No matter the season, life always seems to want more life, especially as we observe it in other species. The beautyberry in our front yard outside Annapolis is one example. It appears dormant late into spring, even after a good pruning. By mid to late summer, its magenta berries, bright against brilliant green leaves, are a wonder to behold. Through winter, robins and cedar waxwings balance, sometimes precariously, on its stems and devour the dried berries. And then before I know it, it's time to prune again.
All species cycle through birth-death-rebirth as they work to sustain themselves, reproduce and rest. In contrast, human technologies and cultural artifacts—from language to money—have erected a barrier between us and these cycles and the systems they represent. But the barrier is an illusion. Our lives depend upon the consistent functioning of these systems. What will it take for us to respect these cycles and behave as part of these systems? To appreciate our powers of observation and our creativity, to cultivate our innate biophilia?
I felt relieved last month when Maryland legislators and Gov. Larry Hogan supported the ban on the unconventional gas extraction method known as fracking, short for hydrofracturing. My fellow Marylanders out west, who stood to make money off gas leases, were not wrong for wanting to do so. But like all of us in a variety of ways, they still operate under a dying story—the story of infinite growth, in which we constantly trade the living (the natural world) for the dead (money).
If I have any worldview, it's a Gaian one. The Gaia Theory, now Gaia Paradigm, was developed by NASA researcher and chemist James Lovelock and co-developed by the late microbiologist Lynn Margulis. The science of Gaia demonstrates that Earth is a self-regulating, complex, non-linear, emergent system—emergent in the philosophical definition of the word, describing a property that is more than a sum of its parts. No single entity coordinates the multiple actions required to maintain homeostasis that is conducive to life on this planet. The emergent property of homeostasis cannot be reduced to the aspects that created it and now sustain it. More simply, Gaia reaffirms what many indigenous people have long understood—everything is connected.
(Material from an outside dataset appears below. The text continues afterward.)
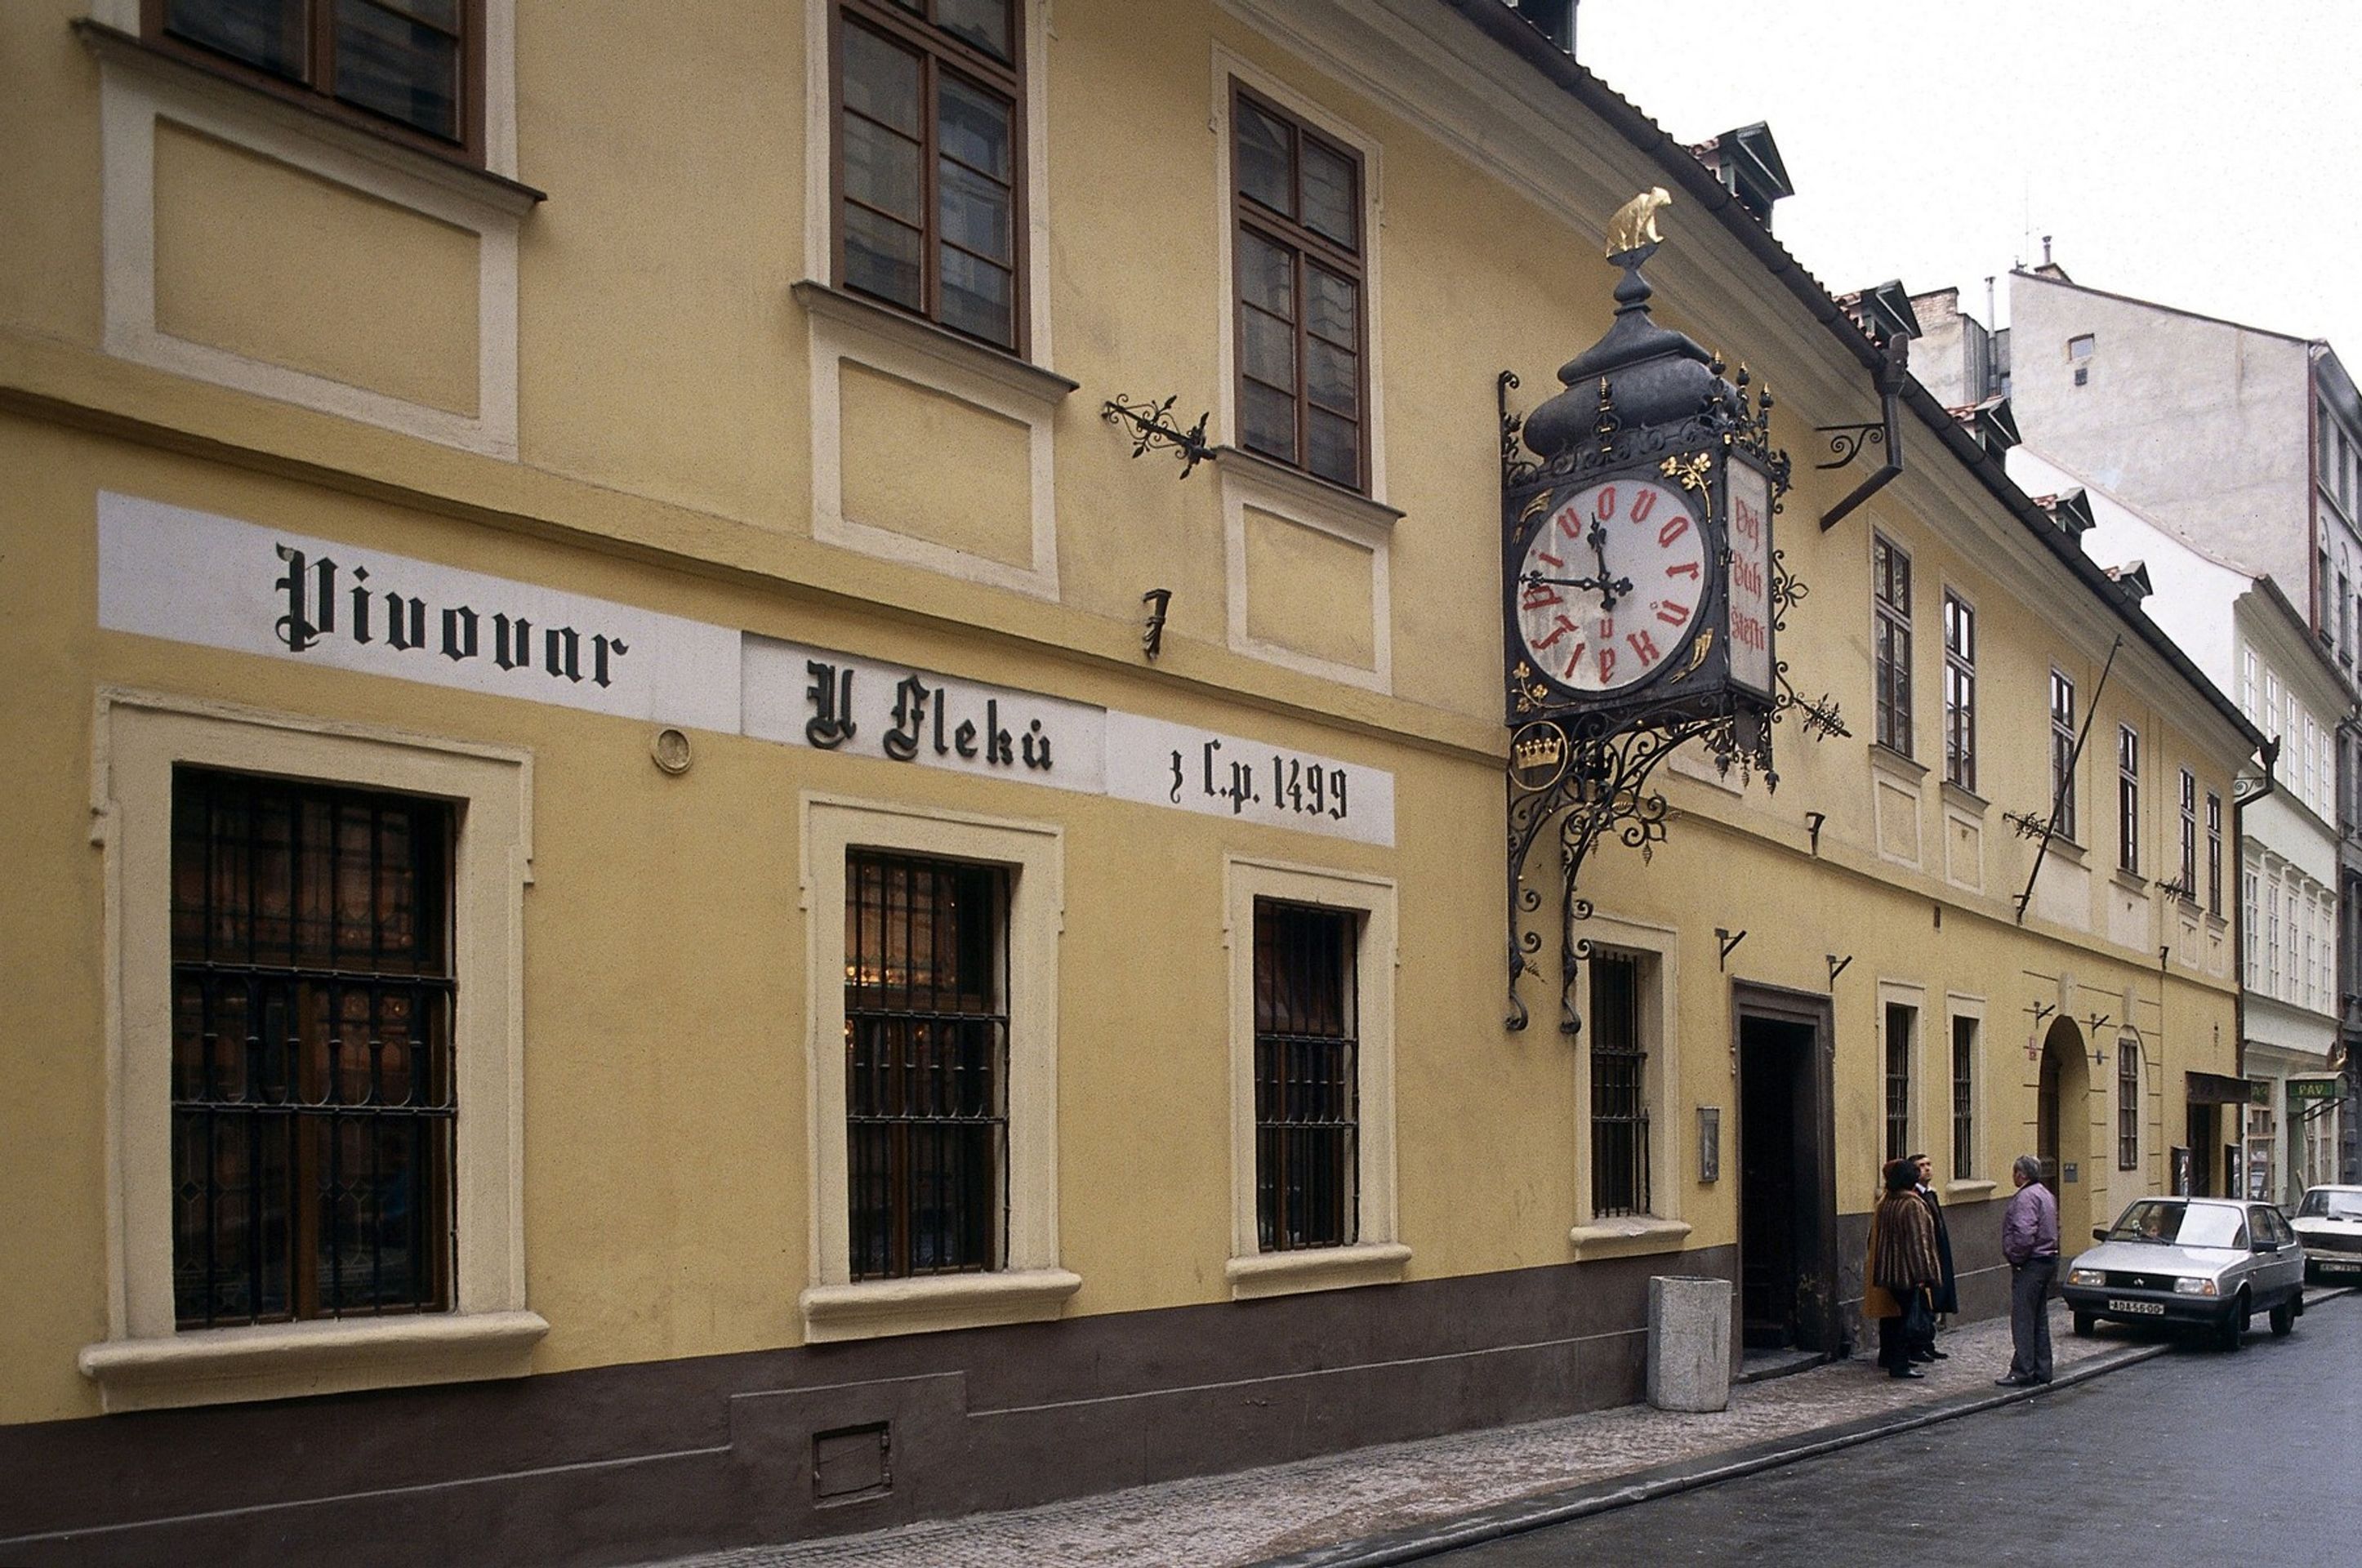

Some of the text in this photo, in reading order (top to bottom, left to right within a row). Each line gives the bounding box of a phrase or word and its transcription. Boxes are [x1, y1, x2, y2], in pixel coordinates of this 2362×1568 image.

Today, humans are the wild card in this system because of the enormous scales at which we operate—from fracking, which is spreading around the globe, to our vast factory farms, from our dams to the huge amounts of waste we all generate. We're at a crossroads: The story of infinite growth is collapsing under the weight of living realities. It's time for a new story—one rooted in the principles of earth systems science, Gaian science.
"The motivating story of 'growth for growth's sake' is a losing proposition for humanity," says Martin Ogle, former chief naturalist for the Northern Virginia Regional Park Authority and founder of Entrepreneurial Earth, LLC, based in Colorado. "We need a completely new underlying story," says this long-time proponent of the Gaia Paradigm, "[a story] that reflects that we are a seamless continuum of Earth's living system, not disconnected beings on a rock transforming that rock to our satisfaction."
But what does this new story require?
For starters, we need to understand the story we're outgrowing, which portrays each of us as a discrete being, separate from everything else and acting only in our own interest. The idea that we're separate is what allows us to frack, to decapitate mountains hundreds of millions of years old, to clear-cut communities of trees, to spray herbicides and pesticides without thought.
We also need to vigorously examine our core fears: fear of abandonment, of not having "enough," of death. In trying to outrun these fears rather than work with them, we often create more of the same—more comparing ourselves with others, questioning whether we are "good enough," and continuing to live small instead of realizing that each of us, just like snowflakes, clover leaves and redbud blossoms, is unique. We each have something to offer that is beyond ourselves and beyond our wildest dreams—if we permit ourselves to dream and not act according to some old script.
Our converging calamities confirm that we are connected to what brought us to life and sustains us. We share DNA with myriad others and many of the building blocks of our physical selves are the same elements that make up Earth. When we intervene in those systems, modify them to suit our purposes, we deprive ourselves of access to clean air, clean water and healthy soils. But the harms go beyond the physical, whether we want to admit it or not. Our biophilia—our innate love of life, of living things—takes a direct beating and can easily lead to despair. Then we reach for distractions that keep the infinite-growth story in place.
If the Gaia Paradigm is to be read closely, yet metaphorically, then fracking is like drilling a hole in one's body and injecting chemicals. How long and how much of that could a body sustain before getting sick and dying? Earth is vast, but it's not immune to our perturbations. We humans need to mature. Our continued existence depends upon our growing up.
Which leads me to this: The new story can be a beautiful one—abundant, fulfilling, allowing us to grow into our best selves. How do we see ourselves in this story? In truly accepting that we are an aspect of Gaia—that there is expansion, not diminishment, in this—and in working with our fears, what great things might we achieve?
We may need look only as far as our front yard for ideas. When pruning the beautyberry recently, I found a welcome oddity: A side stem had broken during the winter, but stayed connected to the shrub. It had coppiced itself, taking root in the narrow mulch path next to the plant. How might we coppice the best of ourselves?
Leigh Glenn is a freelance writer, hooking artist, permaculture practitioner and herbalist based in Annapolis.